If we have many more input files, say 3000 files, it would generate 3 `.tsv` files. Each of these `.tsv` files contains about 1000 files per line. We can run these individual jobs with:
```{bash}
#| eval: false
dx run swiss-army-knife --batch-tsv dx_batch.0000.tsv \
-icmd='samtools stats ${in_name} > ${in_prefix}.stats.txt ' \
--destination "/Results/" \
--detach --allow-ssh \
--tag bigjob
```
This will generate 4 jobs from the `dx_batch.0000` file to process the individual files. Each `tsv` file will generate up to 1000 jobs.
### Drawbacks to `dx generate_batch_inputs`/`dx run --batch-tsv`
The largest drawback to using `dx generate_batch_inputs` is that each column must correspond to an individual input name - you can't submit an array of files to a job this way.
### For More Information
The Batch Jobs documentation page has some good code examples for `dx generate_batch_inputs` here: <https://documentation.dnanexus.com/user/running-apps-and-workflows/running-batch-jobs/>
## Programatically Submitting Arrays of Files for a job
You can also use Python to build `dx run` statements, which is especially helpful when you want to submit arrays of 100+ files to a worker.

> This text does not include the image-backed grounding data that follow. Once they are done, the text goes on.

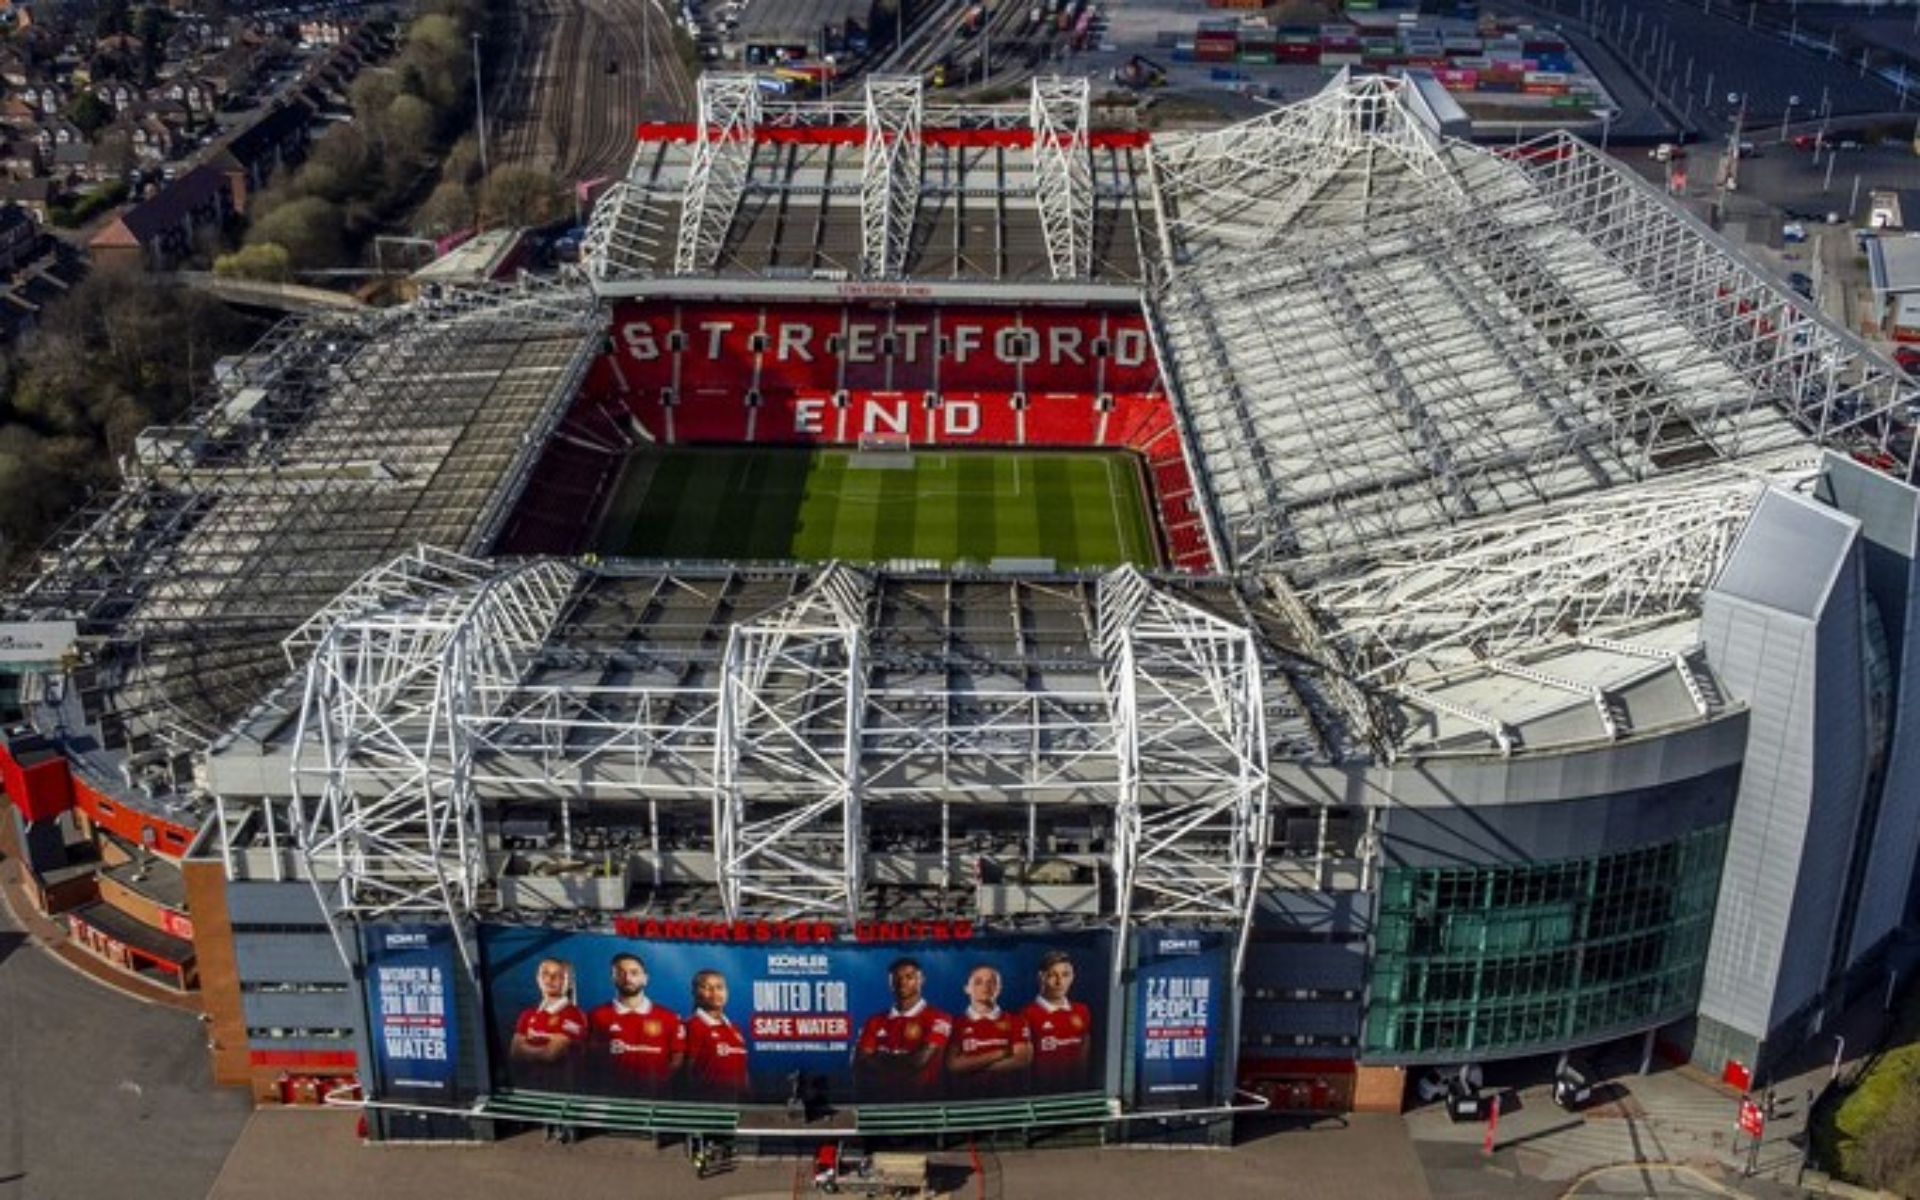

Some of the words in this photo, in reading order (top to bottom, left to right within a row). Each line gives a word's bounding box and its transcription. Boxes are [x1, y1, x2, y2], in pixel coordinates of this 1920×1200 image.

[622, 321, 1148, 367] STRETFORD
[794, 398, 980, 434] END
[615, 916, 833, 942] MANCHESTER
[854, 919, 974, 942] UNITED
[768, 954, 828, 967] KOHLER
[753, 981, 811, 1012] UNITED
[815, 981, 847, 1012] FOR
[1146, 998, 1209, 1019] PEOPLE
[755, 1018, 793, 1035] SAFE
[796, 1018, 848, 1035] WATER
[386, 1038, 447, 1061] WATER

See <https://dnanexus.gitbook.io/uk-biobank-rap/science-corner/guide-to-analyzing-large-sample-sets> for more info.
## What you learned in this chapter
This was a big chapter, and built on everything you've learned in the previous chapters.
We put together the output of `dx find data --brief` (@sec-dx-find) with a pipe (`|`), and used `xargs` (@sec-xargs2) to spawn jobs per set of files.
Another way to process files is to upload them onto a worker and process them (@sec-mult-worker).
We also learned of alternative approaches using `dx generate_batch_inputs`/`dx run --batch-tsv` and using Python to build the `dx run` statements.